### [Requirement]
Output every entry exactly as written, skipping any pictures.

(Beginning of Dataset extract)

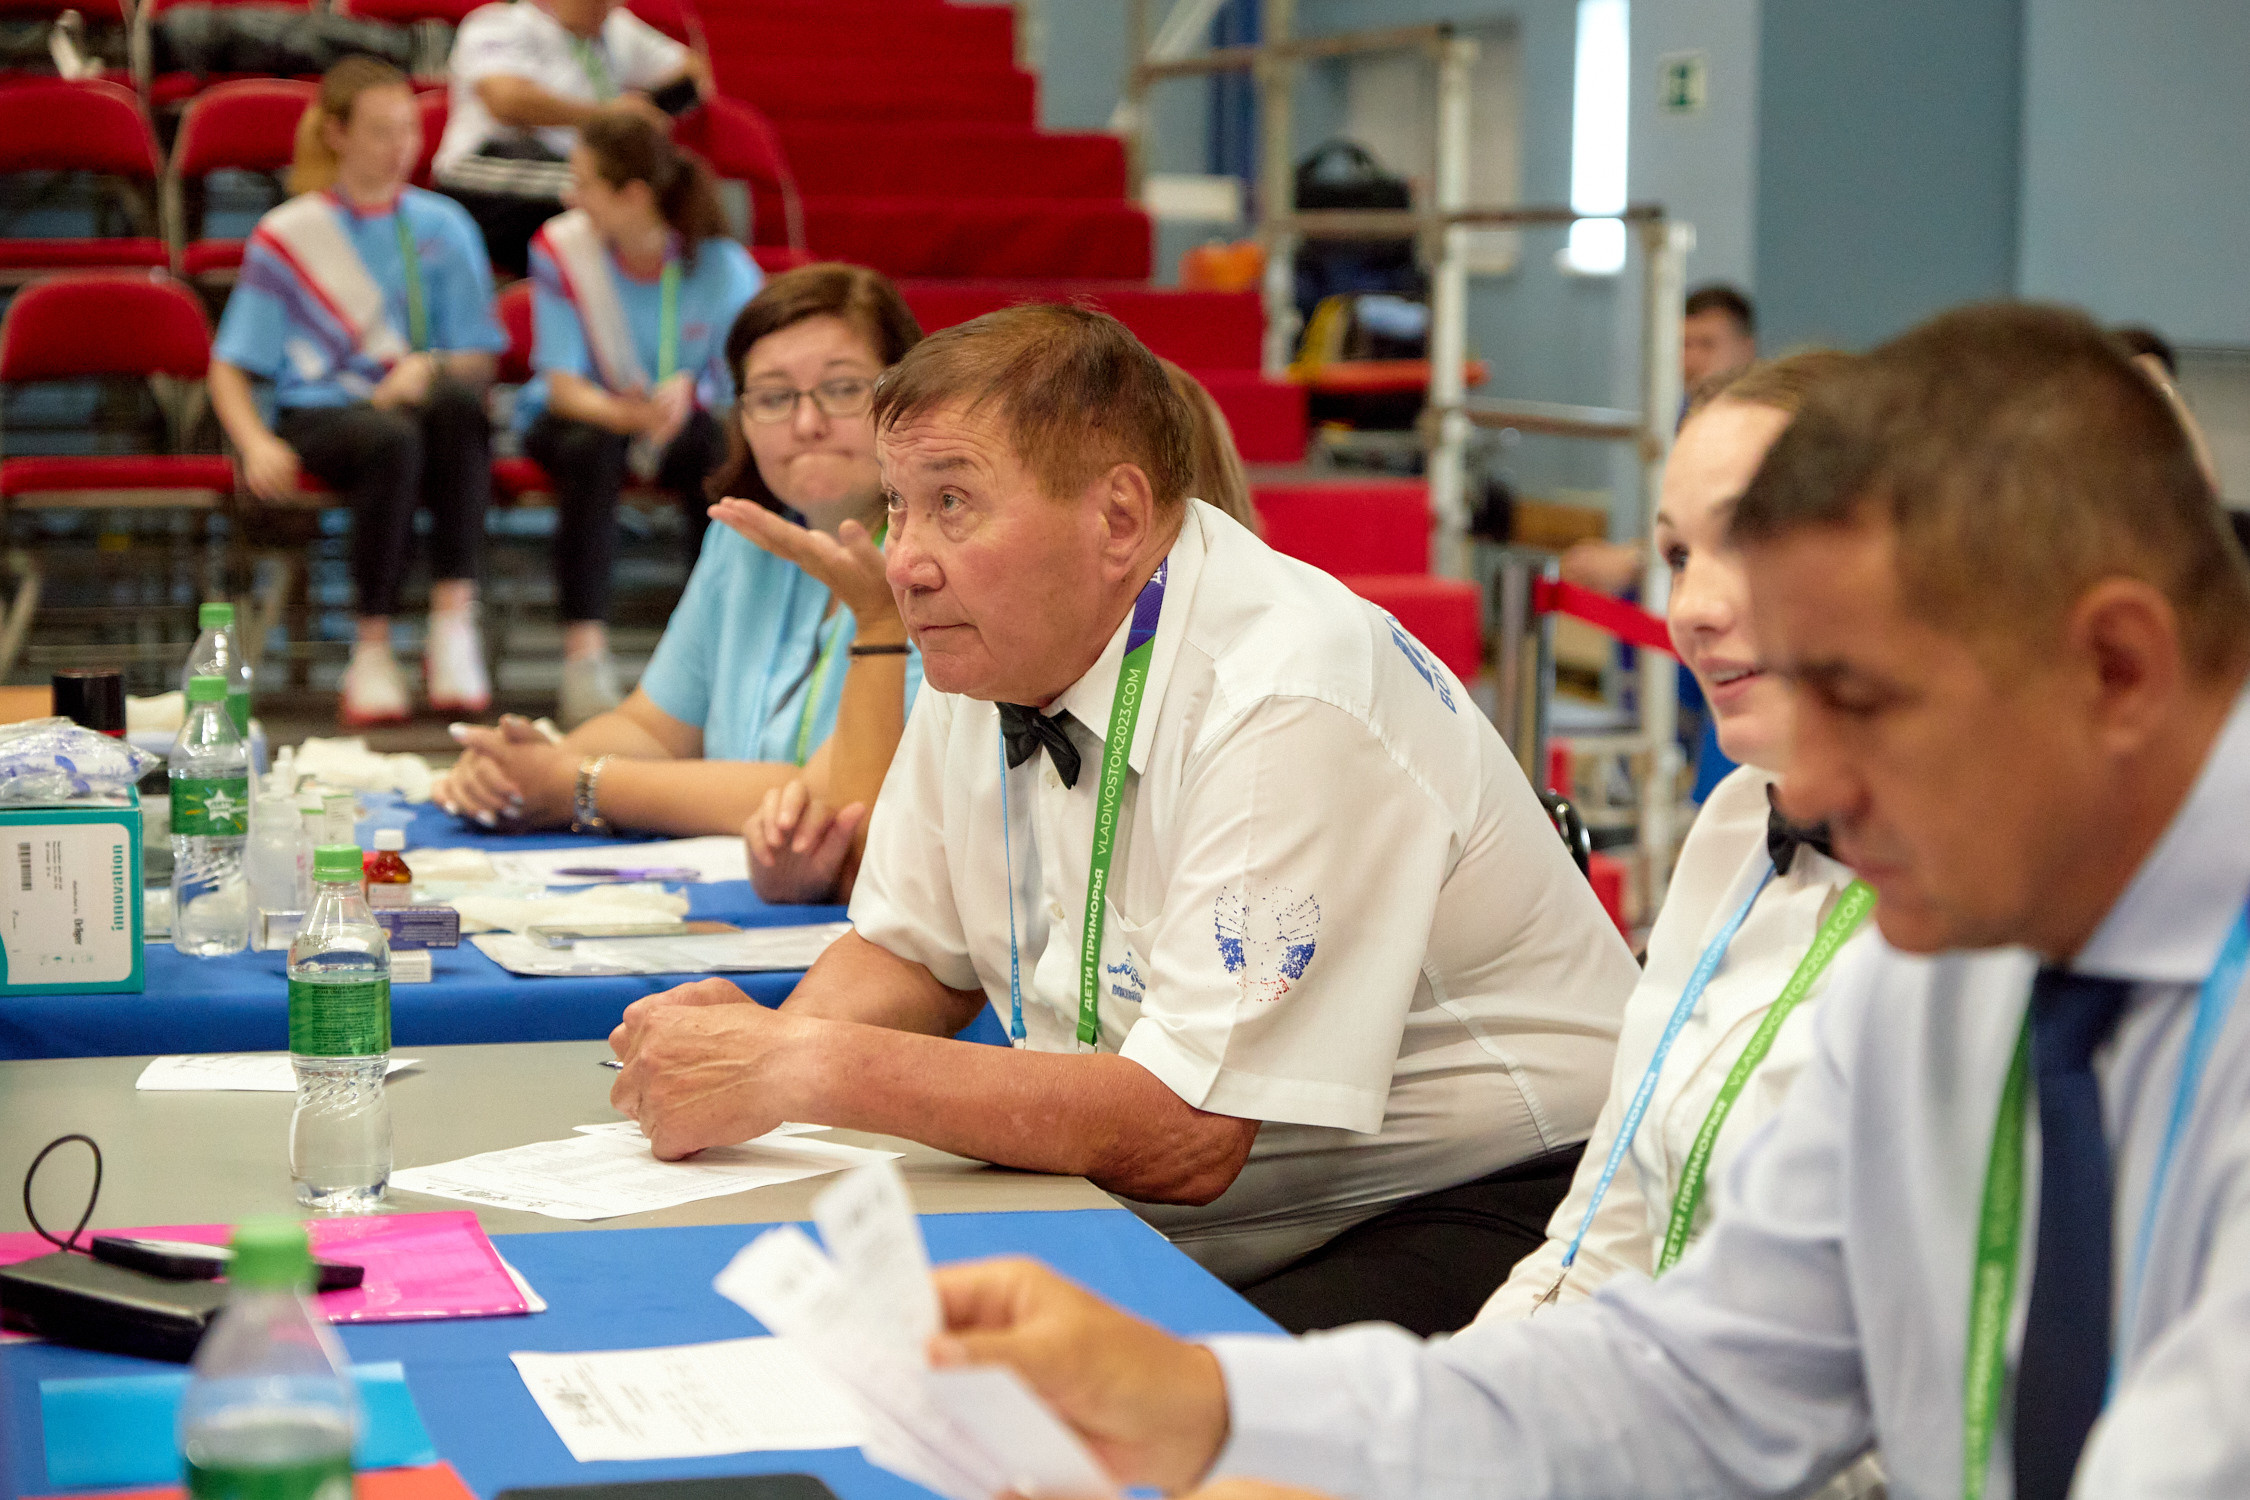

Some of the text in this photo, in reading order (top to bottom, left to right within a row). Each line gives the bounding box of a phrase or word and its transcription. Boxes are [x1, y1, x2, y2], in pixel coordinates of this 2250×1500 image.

[111, 845, 124, 931] innovation
[1084, 668, 1141, 1012] ДЕТИ ПРИМОРЬЯ VLADIVOSTOK2023.COM
[1678, 1100, 1727, 1213] ПРИМОРЬЯ
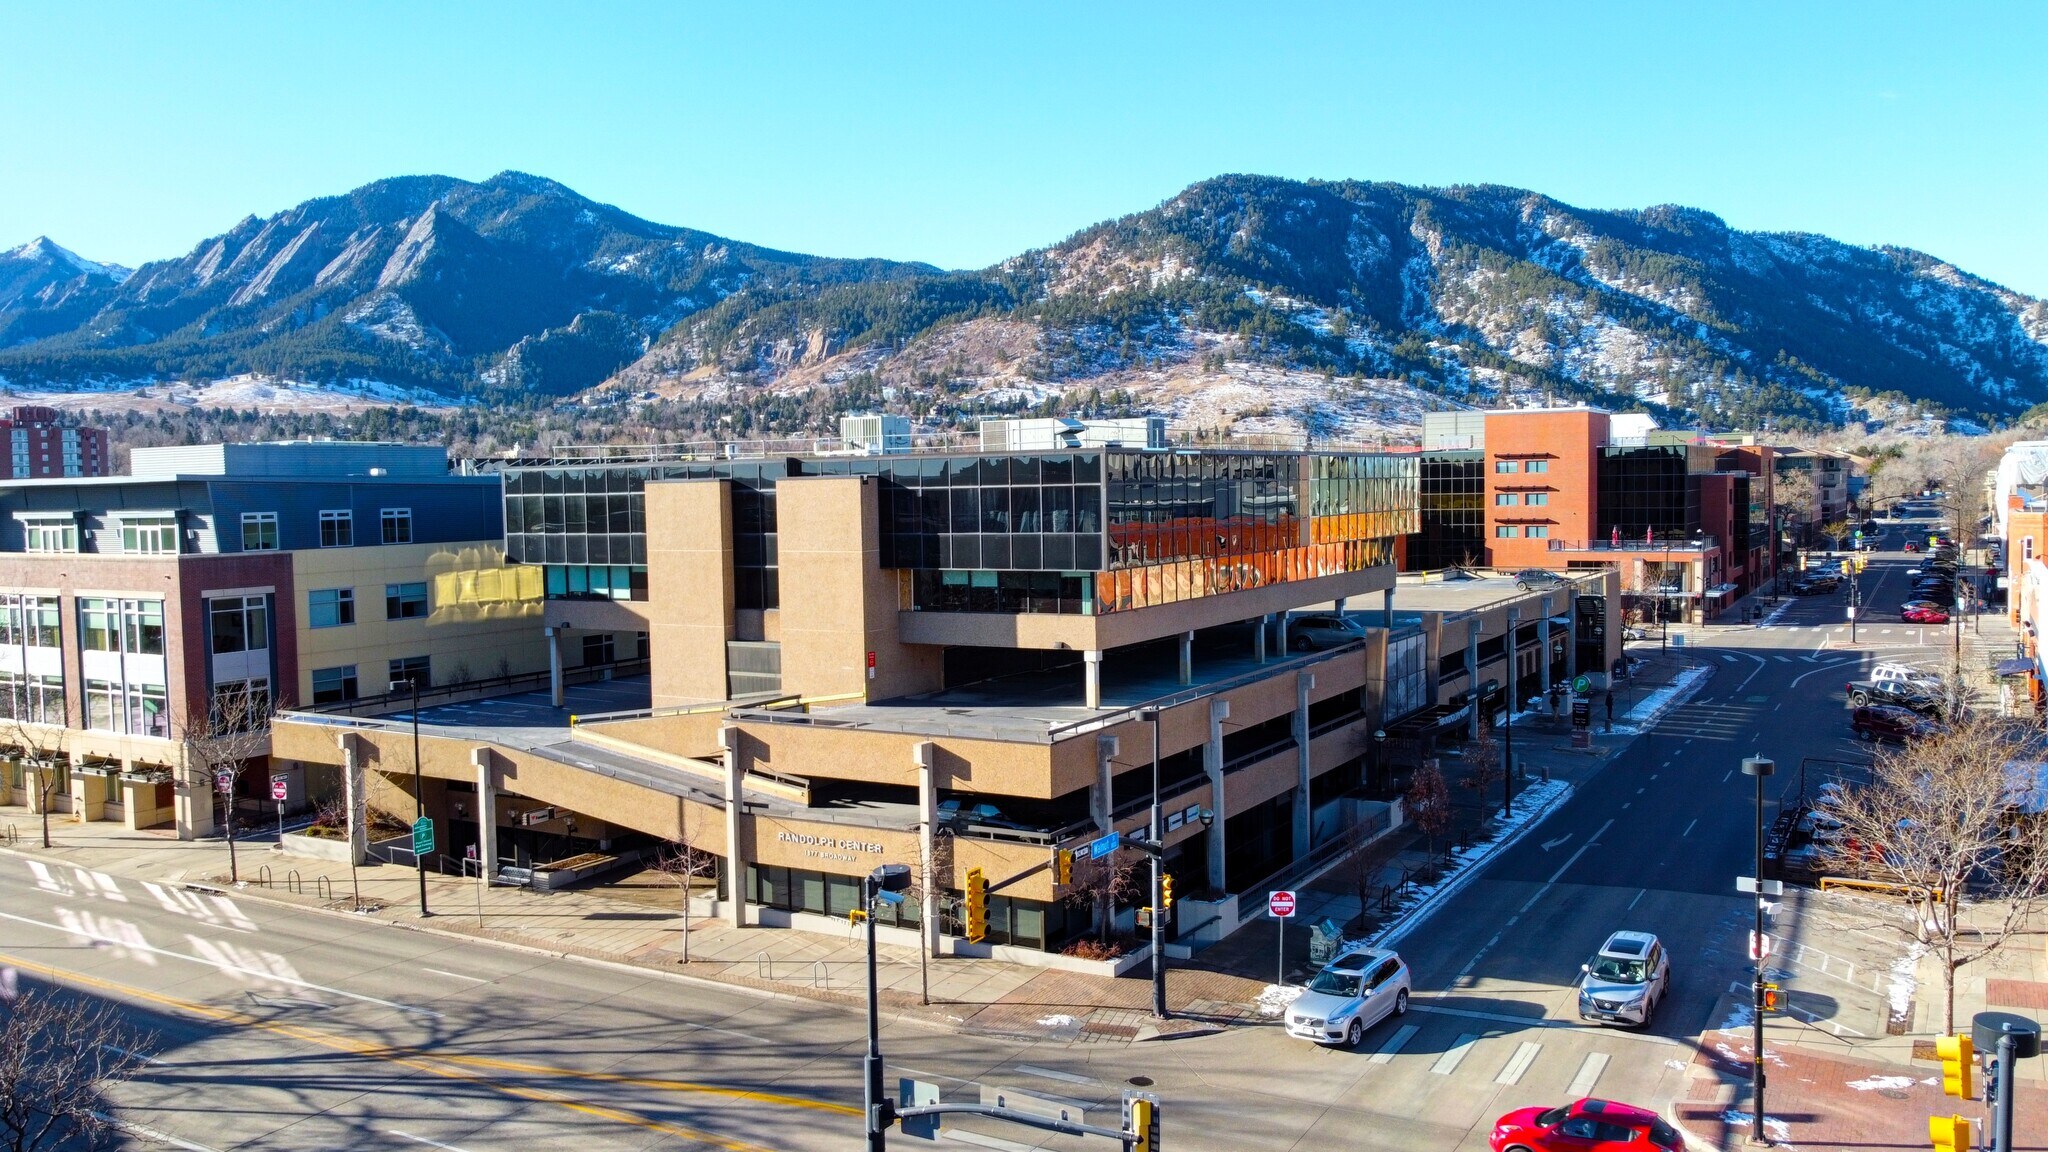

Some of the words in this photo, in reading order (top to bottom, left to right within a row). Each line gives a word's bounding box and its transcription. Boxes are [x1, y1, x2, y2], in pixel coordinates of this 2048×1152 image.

[778, 832, 835, 848] RANDOLPH
[840, 840, 883, 853] CENTER
[820, 852, 857, 862] BROADWAY
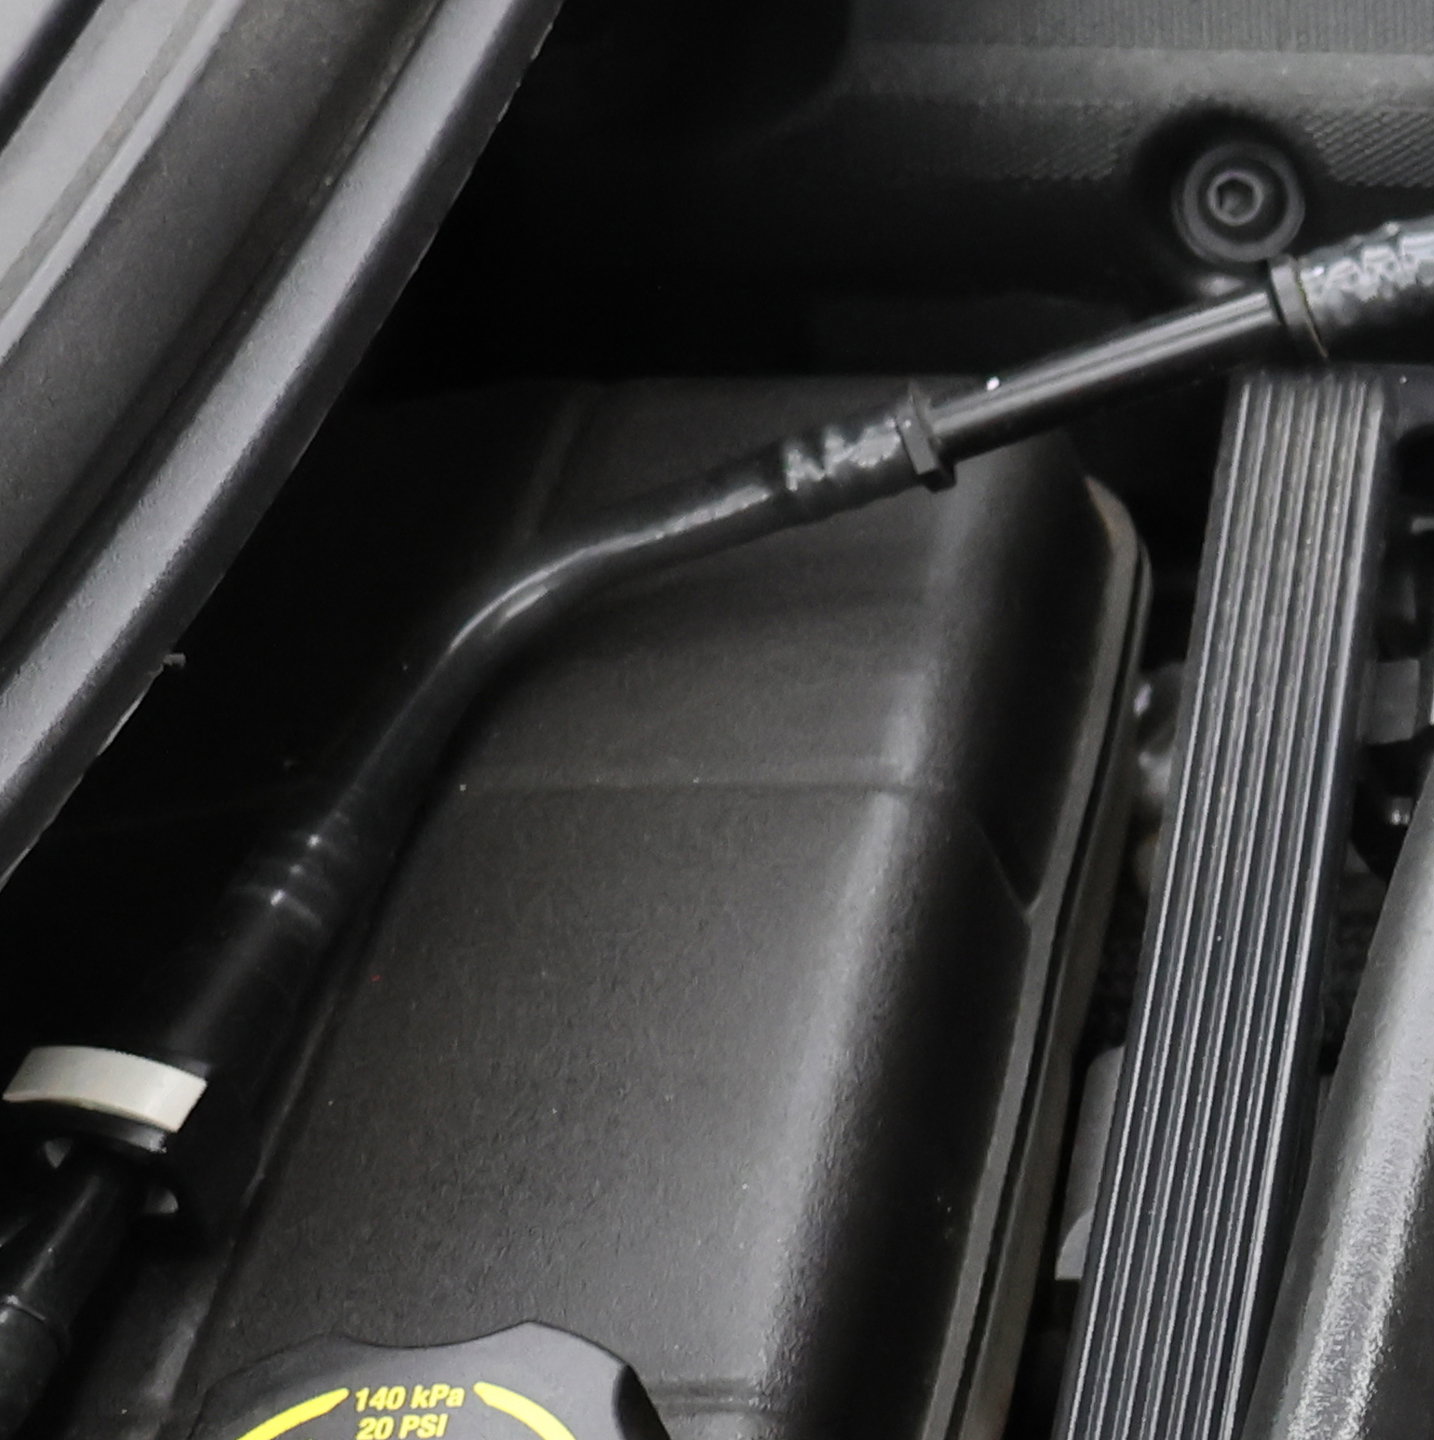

(End of Dataset extract)

### [Task response]
Some of the text in this photo, in reading order (top to bottom, left to right within a row). Each line gives the bounding box of a phrase or word and its transcription. Boxes are [x1, y1, x2, y2], in pixel coordinates of this 2250×1500 image.

[111, 845, 124, 931] innovation
[1084, 668, 1141, 1012] ДЕТИ ПРИМОРЬЯ VLADIVOSTOK2023.COM
[1678, 1100, 1727, 1213] ПРИМОРЬЯ

Some of the words in this photo, in reading order (top to bottom, left to right within a row). Each line gives a word's bounding box and its transcription. Boxes are [x1, y1, x2, y2], in pixel coordinates of this 2048×1152 image.

[778, 832, 835, 848] RANDOLPH
[840, 840, 883, 853] CENTER
[820, 852, 857, 862] BROADWAY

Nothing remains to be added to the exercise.